== YOUR GOAL ==
Skip the pictures. Transcribe the rest of the data below without changing a word.

== DATASET EXCERPTS ==
※ ※ ※

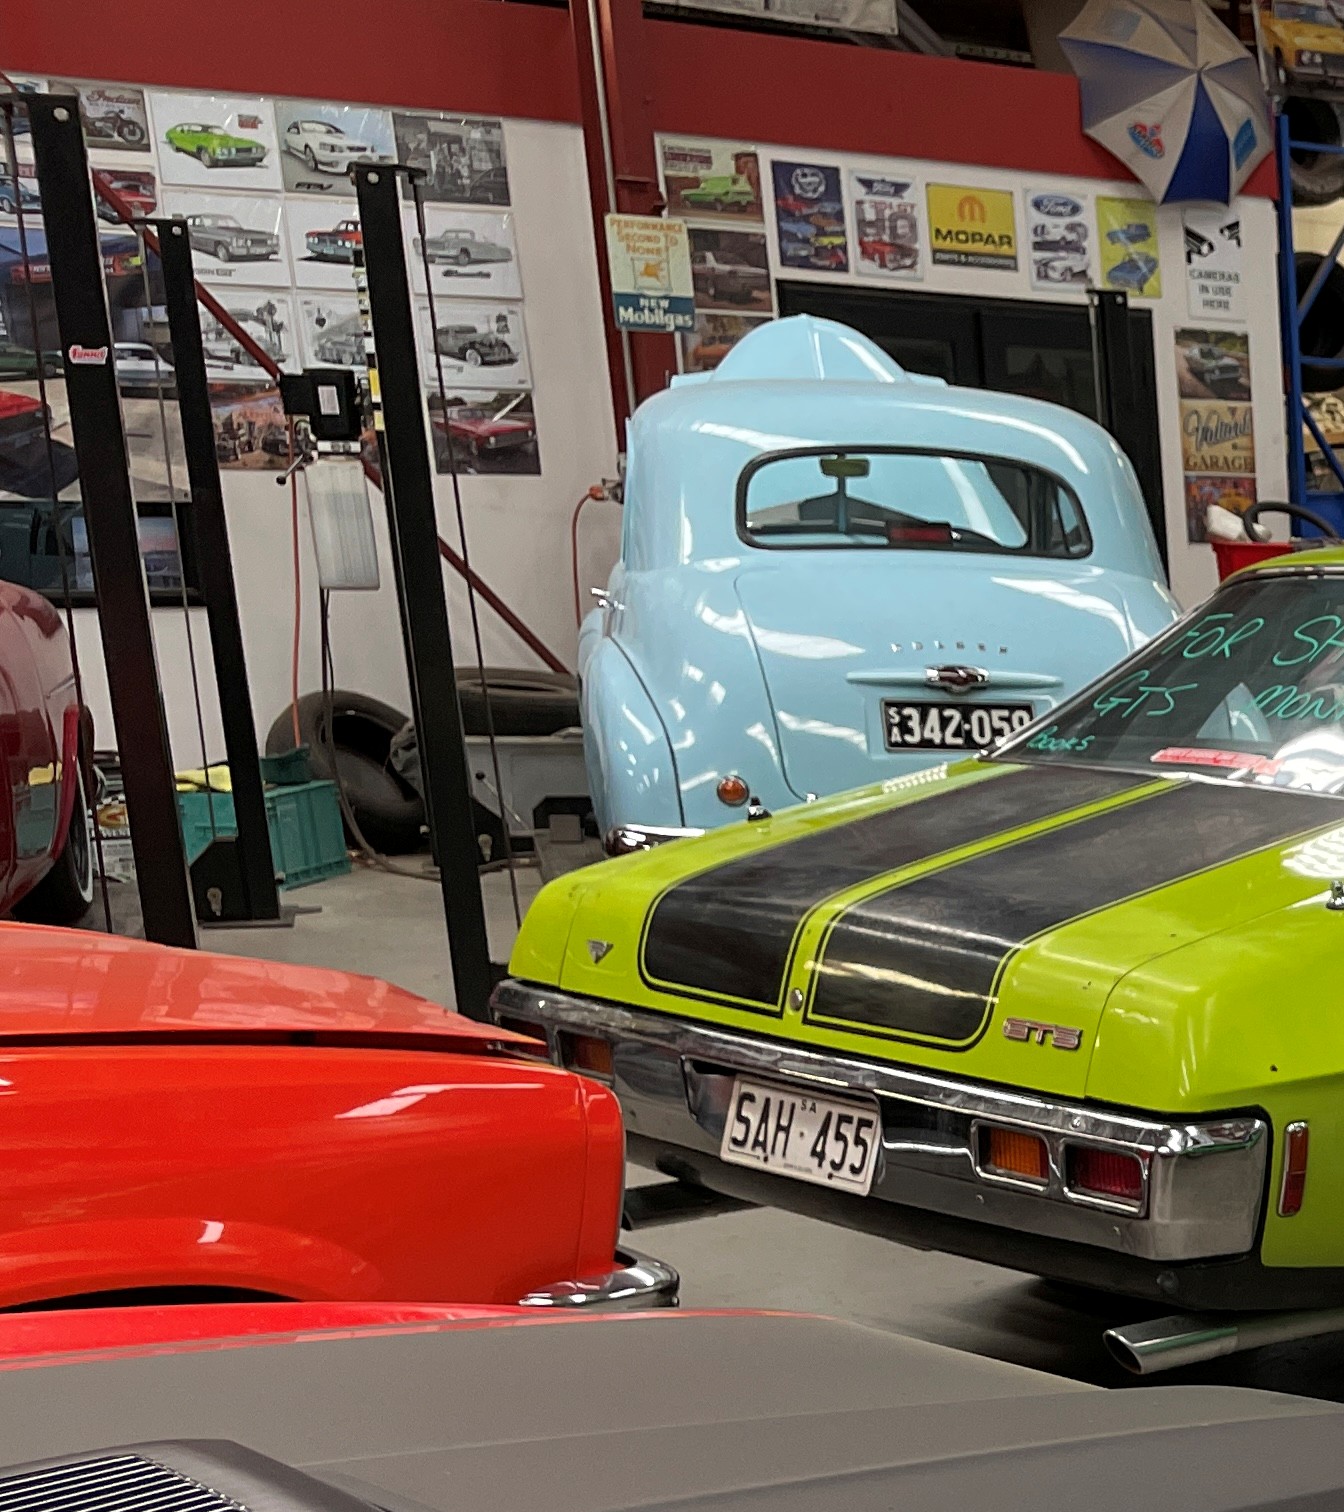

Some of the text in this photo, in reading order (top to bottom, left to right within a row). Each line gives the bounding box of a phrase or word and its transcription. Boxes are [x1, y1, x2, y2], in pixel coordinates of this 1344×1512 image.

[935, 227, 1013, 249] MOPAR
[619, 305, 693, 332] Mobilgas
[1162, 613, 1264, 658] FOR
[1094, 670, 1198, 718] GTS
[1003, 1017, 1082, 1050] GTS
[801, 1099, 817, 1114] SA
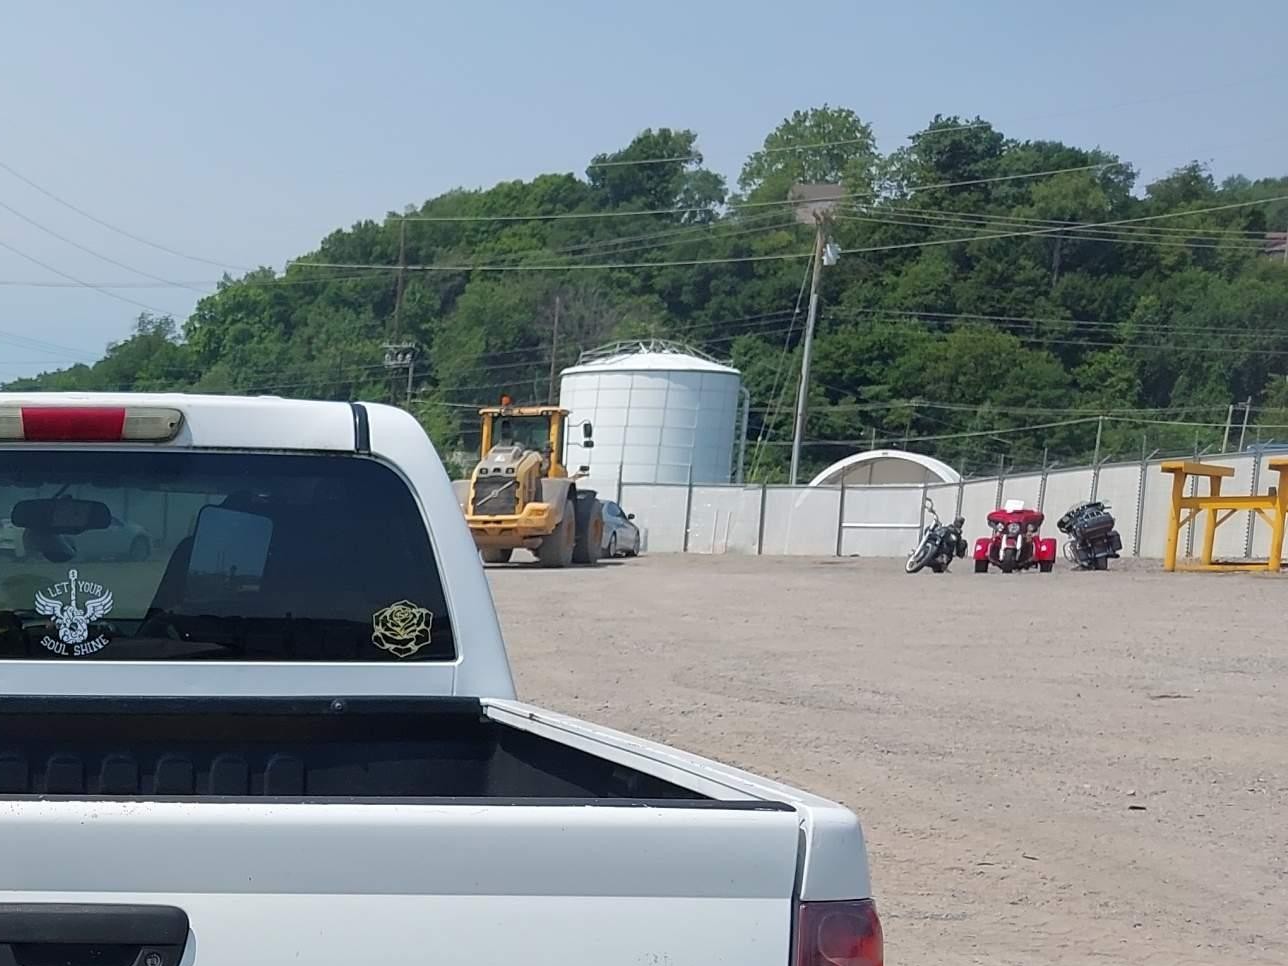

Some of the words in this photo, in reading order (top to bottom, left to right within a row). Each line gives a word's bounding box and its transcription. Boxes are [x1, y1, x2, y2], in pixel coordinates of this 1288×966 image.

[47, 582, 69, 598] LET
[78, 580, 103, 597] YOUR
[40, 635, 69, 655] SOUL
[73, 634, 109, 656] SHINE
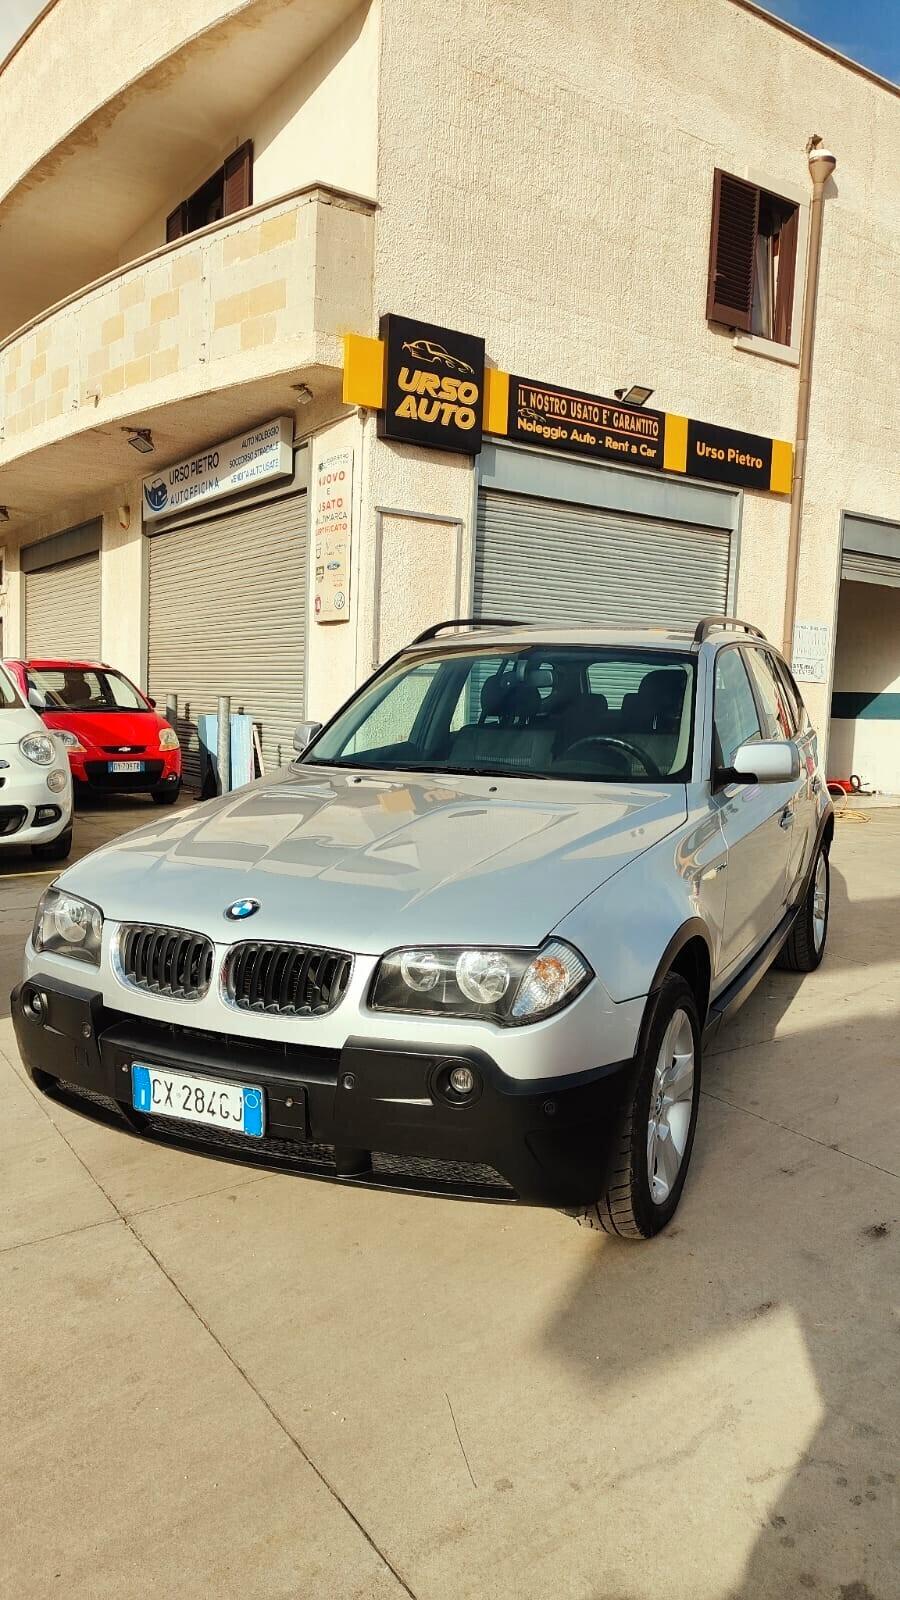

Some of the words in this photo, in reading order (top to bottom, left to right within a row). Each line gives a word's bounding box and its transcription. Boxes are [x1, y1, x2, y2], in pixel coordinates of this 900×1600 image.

※ ※ ※

== OUTPUT ==
Some of the text in this photo, in reading order (top to bottom, left to right within a row). Each line gives the bounding box of a phrase or word and its transcription. Boxes are [x1, y1, x2, y2], in pixel coordinates of this 1344×1512 image.

[935, 227, 1013, 249] MOPAR
[619, 305, 693, 332] Mobilgas
[1162, 613, 1264, 658] FOR
[1094, 670, 1198, 718] GTS
[1003, 1017, 1082, 1050] GTS
[801, 1099, 817, 1114] SA

Some of the words in this photo, in reading order (top to bottom, left to right within a row). Each line gives a word's bounding box and its transcription. Boxes are [x1, y1, x2, y2], in pixel coordinates of this 1288×966 image.

[47, 582, 69, 598] LET
[78, 580, 103, 597] YOUR
[40, 635, 69, 655] SOUL
[73, 634, 109, 656] SHINE

Some of the words in this photo, in reading order (top to bottom, left to right within a row). Each line gives a word's bounding box and its transcription. Boxes are [x1, y1, x2, y2], in pixel coordinates of this 900×1600 image.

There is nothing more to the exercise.